Since the Democratic presidential candidate race is so tight, it appears that the "superdelegates" will decide whether Clinton or Obama gets the nomination. Not wanting to rely to the major US news media to provide accurate coverage of these Democratic delegates, a coalition of citizen journalists have pooled their resources to provide the best coverage with the best sourcing of stories:
"The motley crew of citizen journalists, activists, bloggers and transparency advocates that make up the Superdelegate Transparency Project (STP) have produced the best, most transparent and highly detailed reporting on the Democratic superdelegates - anywhere. Through collaborative research with nearly 300 citizen journalists, the folks at DemConWatch, LiteraryOutpost, the HuffPost's OffTheBus project, OpenLeft and CMD's Congresspedia have produced a tally that rivals or bests those of the major media outlets. The STP even breaks the numbers down by state and congressional district with ever-expanding bios of hundreds of superdelegates AND we now have a wicked-cool live-updating widget.
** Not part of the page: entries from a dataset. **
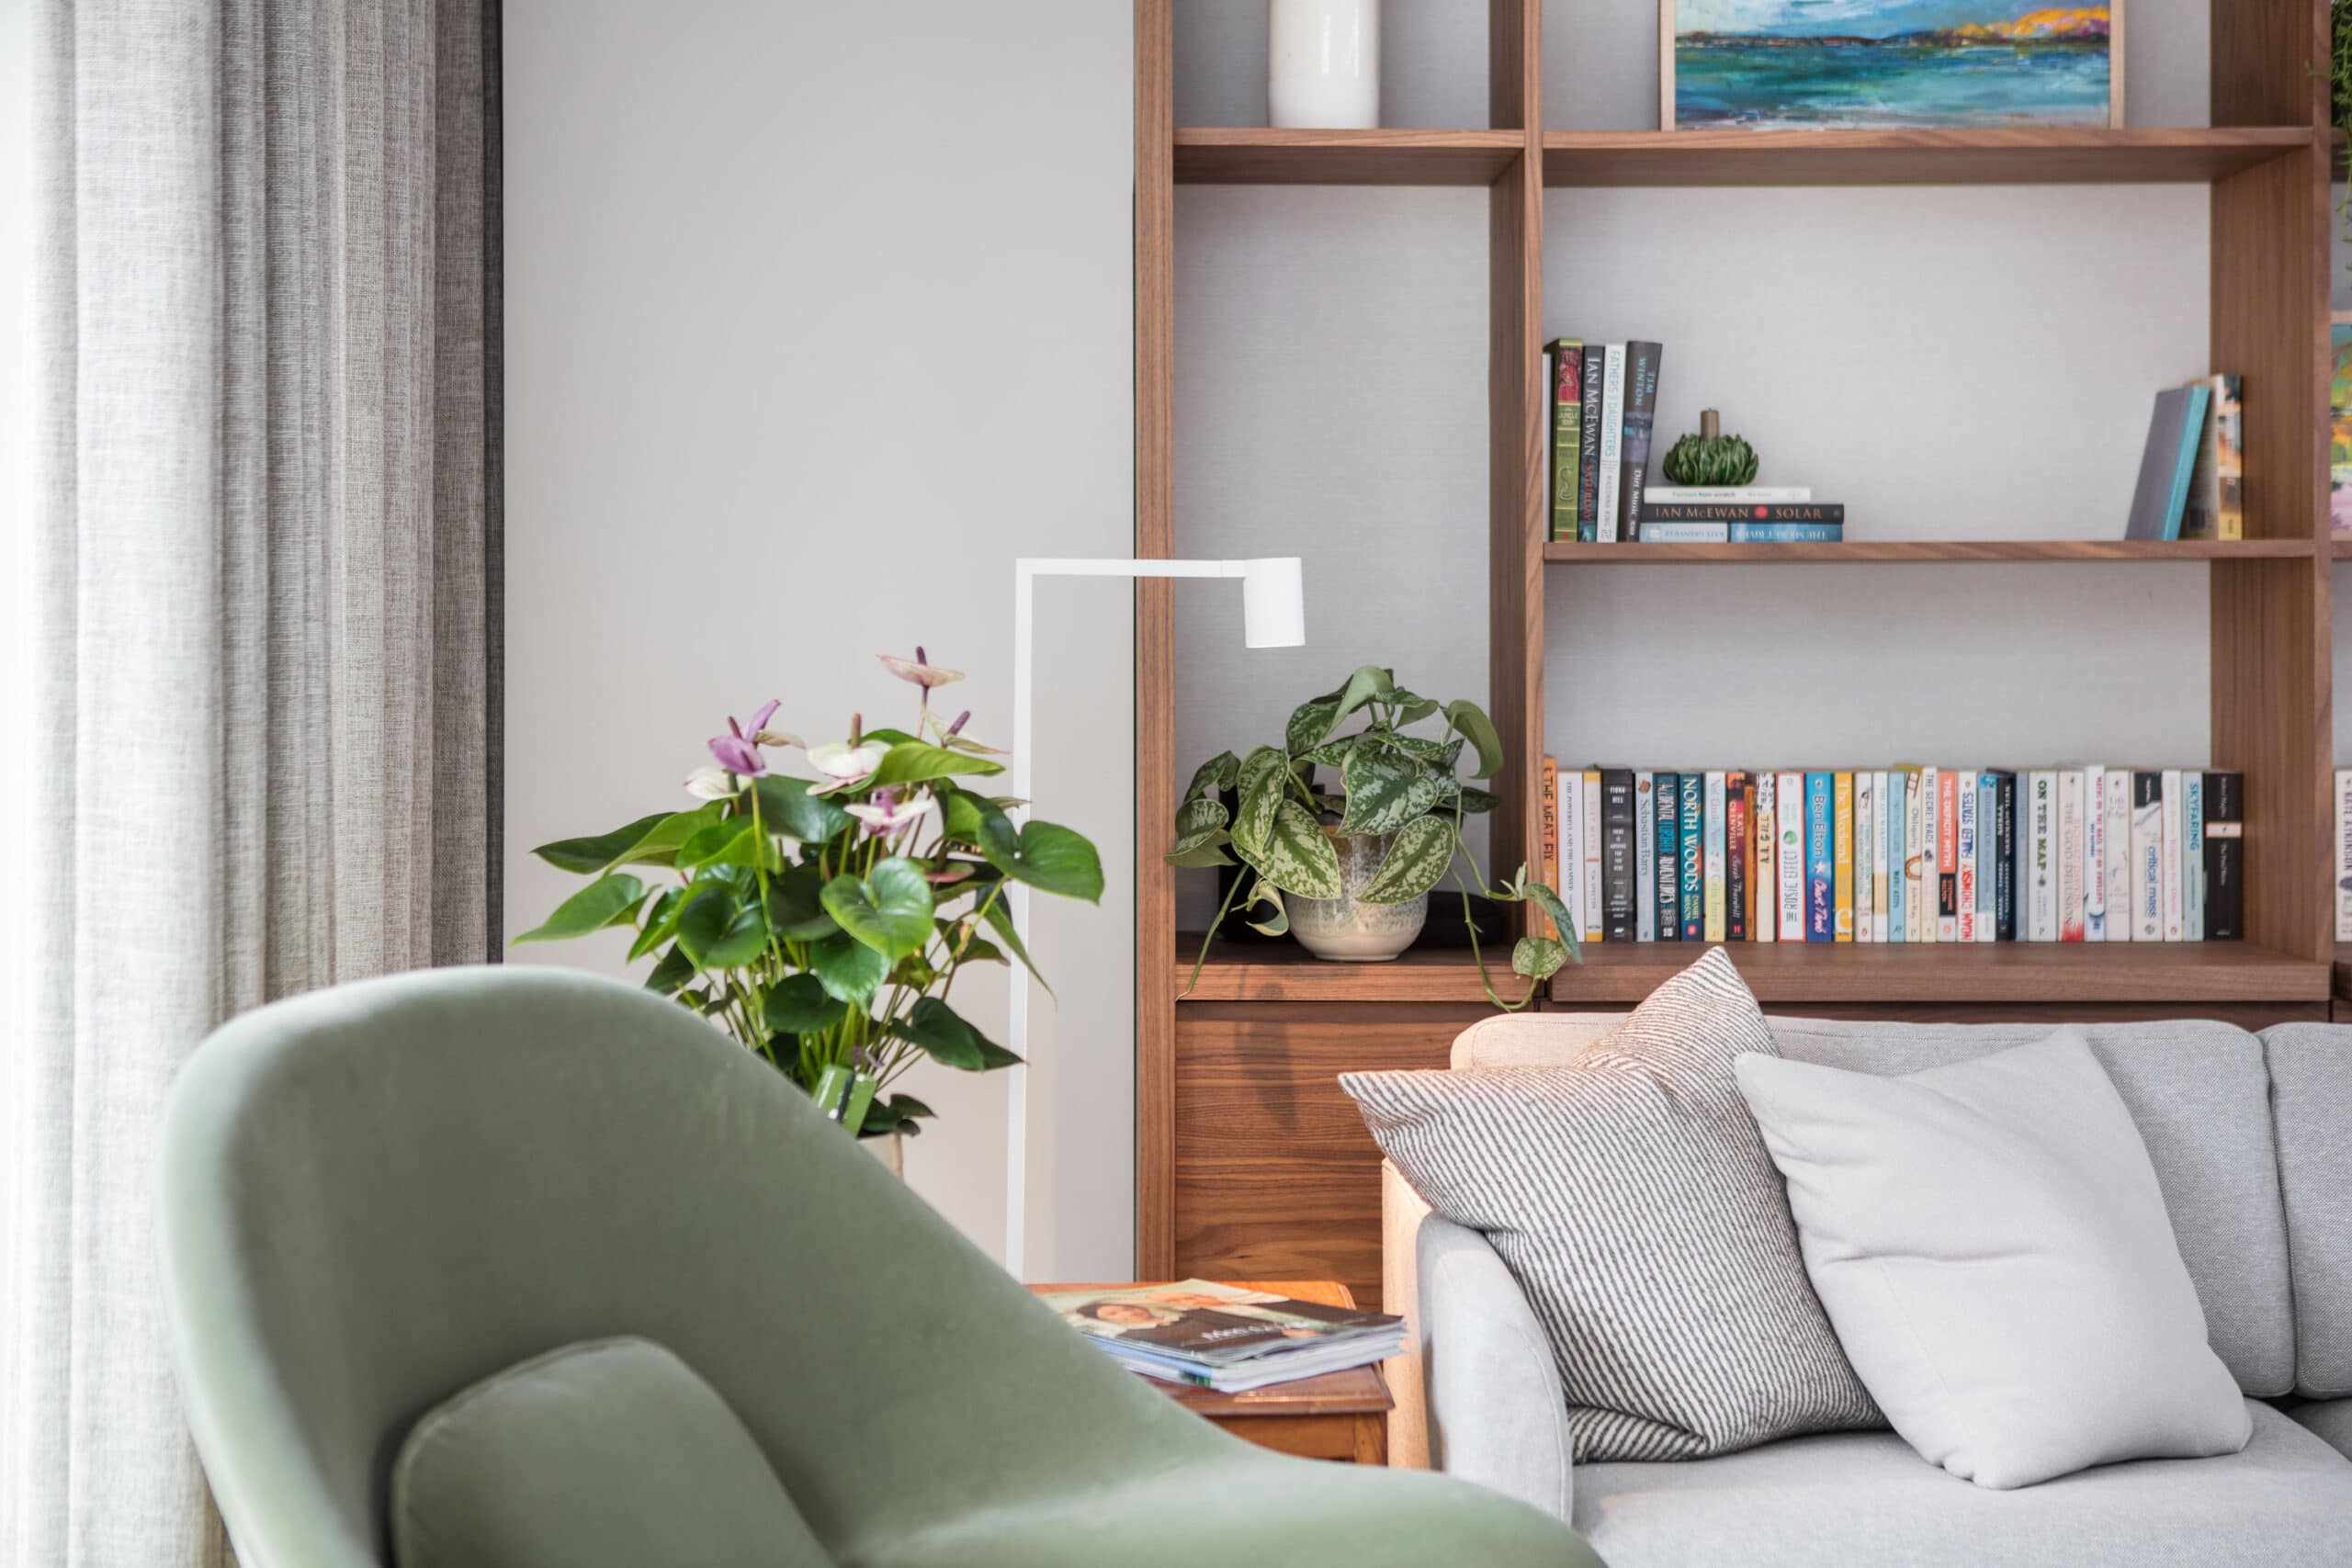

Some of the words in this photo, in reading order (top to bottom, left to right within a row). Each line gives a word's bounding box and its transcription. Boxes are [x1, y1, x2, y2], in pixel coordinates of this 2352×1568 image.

[1587, 357, 1600, 383] IAN
[1609, 351, 1620, 394] FATHERS
[1634, 355, 1645, 406] WINTON
[1646, 370, 1655, 393] TIM
[1605, 403, 1618, 457] DAUGHTERS
[1584, 463, 1595, 520] SATURDAY
[1634, 470, 1642, 487] Dirt
[1631, 491, 1640, 517] Music
[1656, 506, 1681, 518] IAN
[1775, 506, 1822, 519] SOLAR
[1837, 781, 1849, 804] The
[1925, 774, 1933, 787] THE
[1943, 779, 1952, 797] THE
[2037, 780, 2047, 800] ON
[1683, 778, 1698, 829] NORTH
[1814, 794, 1825, 820] Ben
[1925, 791, 1933, 820] SECRET
[1943, 800, 1952, 836] DEFICIT
[1962, 793, 1973, 824] STATES
[2064, 803, 2073, 826] THE
[2189, 783, 2199, 851] SKYFARING
[1544, 806, 1554, 836] MEAT
[1641, 799, 1651, 848] Sebastian
[1910, 808, 1919, 849] Obliquity
[2037, 804, 2047, 834] THE
[1814, 823, 1825, 858] Elton
[1837, 808, 1849, 863] Weekend
[1925, 824, 1933, 844] RACE
[1962, 828, 1973, 859] FAILED
[2064, 830, 2073, 859] GOD
[1544, 843, 1554, 861] FIX
[1639, 850, 1650, 876] Barry
[1683, 834, 1698, 891] WOODS
[1783, 850, 1797, 879] EFFECT
[1943, 839, 1952, 867] MYTH
[2037, 838, 2047, 871] MAP
[2147, 845, 2159, 884] critical
[1732, 855, 1742, 879] Sarah
[1783, 882, 1797, 910] ROSIE
[1962, 864, 1973, 908] CHOMSKY
[2064, 863, 2073, 924] DELUSION
[2148, 887, 2158, 919] mass
[1962, 912, 1973, 941] NOAM
With Hillary Clinton within stalemate distance of Barack Obama, the so-called "superdelegates" to the Democratic convention could very well decide the nominee and are an increasingly controversial part of the nominating process. While the members of the STP all came to the project with different opinions on who the best nominee should be or even what voting philosophy superdelegates should follow, we united around the common cause of bringing enough of this process into the light that voters could know just who was representing them at the convention and to decide for themselves what action, if any, they wanted to take."